OpenAjax Alliance Sets Standards for Metadata, Widget Interop and Mashup Security

The OpenAjax Alliance taps its broad industry membership to deliver standards for metadata integration, mashup security and widget interoperability. The organization tapped leading members such as IBM, Microsoft, Adobe, Aptana, the Eclipse Foundation, Google, the Dojo Foundation and others to help craft the standard.

The OpenAjax Alliance has made good on promises it made earlier about boosting enterprise-class Web development with new Web 2.0 specifications and widget standards.

I first reported on the organization's moves in September, when Jon Ferraiolo, a Web architect in IBM's emerging technologies group, shed light on the subject at a rich Web conference in Vienna, Va. Ferraiolo discussed early work on the efforts now coming to fruition in terms of metadata integration, mashup security and a widget interoperability standard. At the event in early September in Virginia, Ferraiolo spoke on Interoperable Asynchronous JavaScript and XML (AJAX) tools and mashups.

However, "we're completing an interoperability event where members have implemented the tooling standard and the mashup standard," Ferraiolo said. For instance, Adobe's DreamWeaver team announced support for the new OpenAjax Widget Format in the new DreamWeaver CS4, and the Eclipse Foundation has implemented the OpenAjax JavaScript API, Ferraiolo said.

The question is, however, has AJAX gone the way of XML -- being a vital technology but no longer in need of a spotlight or showcase event to show it off because it is so integral to systems. Indeed, XML is just there. It's in the plumbing -- everybody has it and most everybody knows it.

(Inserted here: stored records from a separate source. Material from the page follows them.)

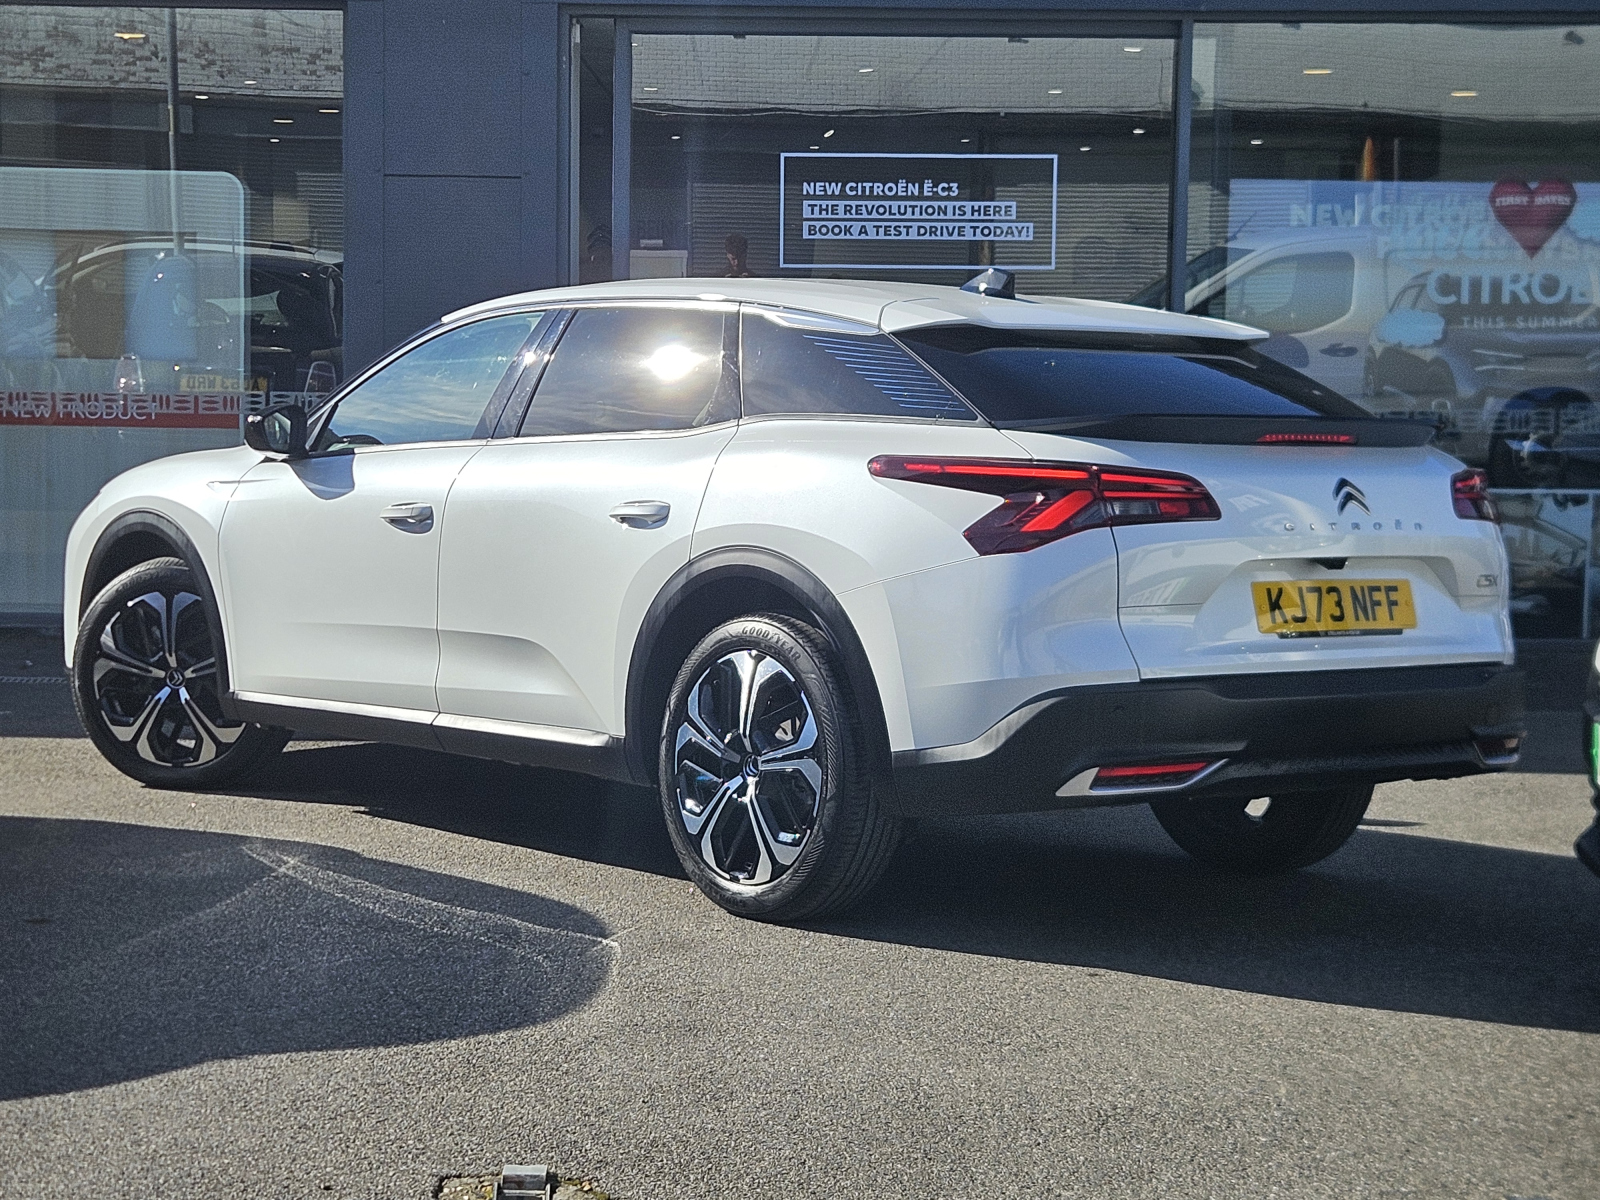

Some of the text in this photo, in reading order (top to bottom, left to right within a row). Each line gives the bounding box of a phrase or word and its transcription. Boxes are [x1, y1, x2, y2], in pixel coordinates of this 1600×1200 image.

[802, 179, 959, 197] NEW CITROËN Ë-C3
[807, 203, 1013, 218] THE REVOLUTION IS HERE
[807, 224, 1031, 239] BOOK A TEST DRIVE TODAY!
[2, 401, 157, 420] NEW PRODUCT
[1265, 585, 1399, 625] KJ73 NFF
[741, 625, 802, 662] GOODYEAR
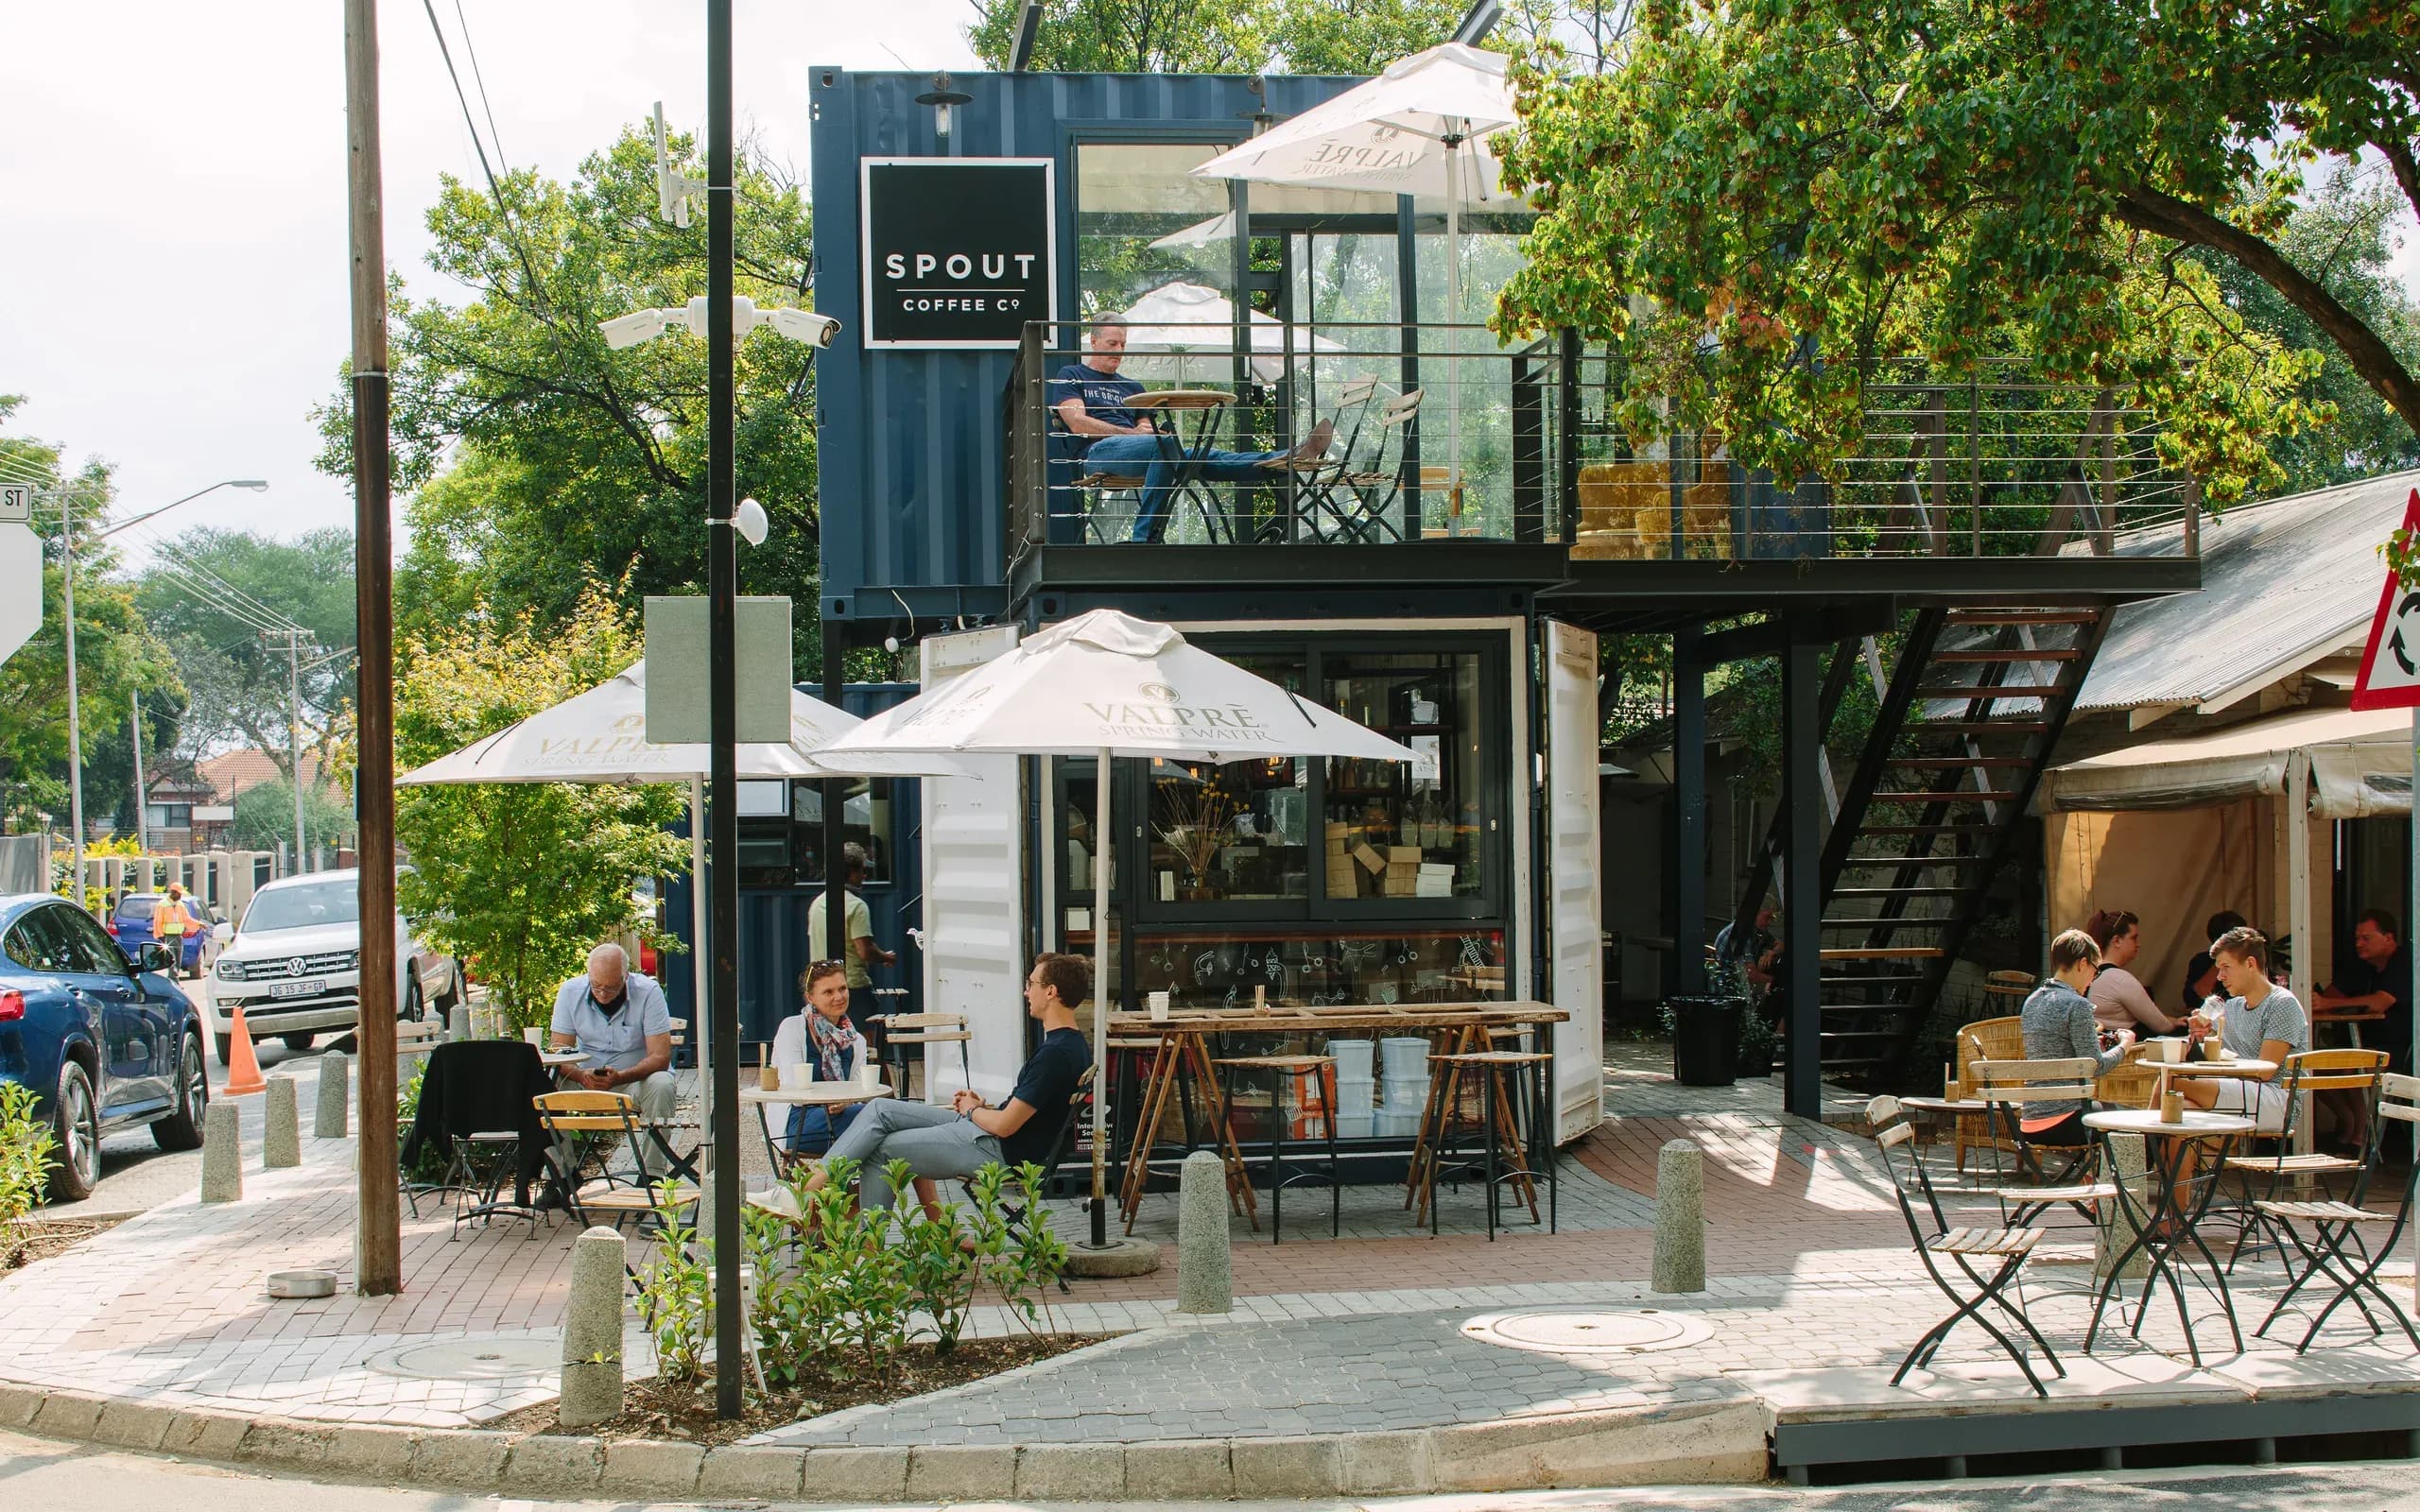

However, if a conference must be held on the subject, AJAXWorld in San Jose, Calif., is as good as any, coming on the heels of The Ajax Experience conference in Boston. Meanwhile, at the AJAXWorld show, the OpenAjax Alliance announced the successful interoperability of two key technologies with more than a dozen AJAX products. These advances will further enable software developers to create enterprise-class Web sites with Web 2.0 features using its open standards software.

AJAX, based on open formats such as HTML and JavaScript, is the Web development technology behind most interactive, rich Web 2.0 applications-such as mashups, widgets and gadgets. With today's milestone, the Alliance is showing that the technologies announced in the spring can successfully interoperate with industry-leading AJAX products.

The OpenAjax standards address two workflows, AJAX Integrated Development Environments (IDEs) and AJAX mashups. These OpenAjax standards initiatives will enable better AJAX developer tools and will promote greater security and interoperability with mashups, Ferraiolo said. This is critical as Web 2.0 applications extend from the consumer space into the enterprise.

For instance, Adobe, Aptana, the Dojo Foundation, the Eclipse Foundation, Google, IBM, ILOG, Lightstreamer, Nexaweb, Programmable Web, SAP and TIBCO are among the vendors that received interoperability awards today for OpenAjax standards for IDEs and mashups, a Web site or application that combines content from more than one source into a browser-based Web application.

"The Eclipse Foundation has expanded its industry-leading open source IDE technologies to go beyond Java to also support JavaScript and AJAX developers," said Mike Milinkovich, executive director of the Eclipse Foundation. "We strongly support the IDE interoperability efforts at OpenAjax Alliance and are excited about our future support for OpenAjax Metadata within Eclipse's JSDT [JavaScript Development Toolkit] component. Our various JavaScript initiatives will allow Web developers to experience the same power and flexibility advantages that Java developers have realized for years from the open-source Eclipse platform."

"We took Aptana's format as a starting point then we worked with a group including Microsoft and Eclipse to help shape that into an OpenAjax Alliance standard," Ferraiolo said.

Indeed, he said, "we're happy about the broad participation on the mashup side, especially for the enterprise side, and that the promise of Eclipse 2.0 can happen."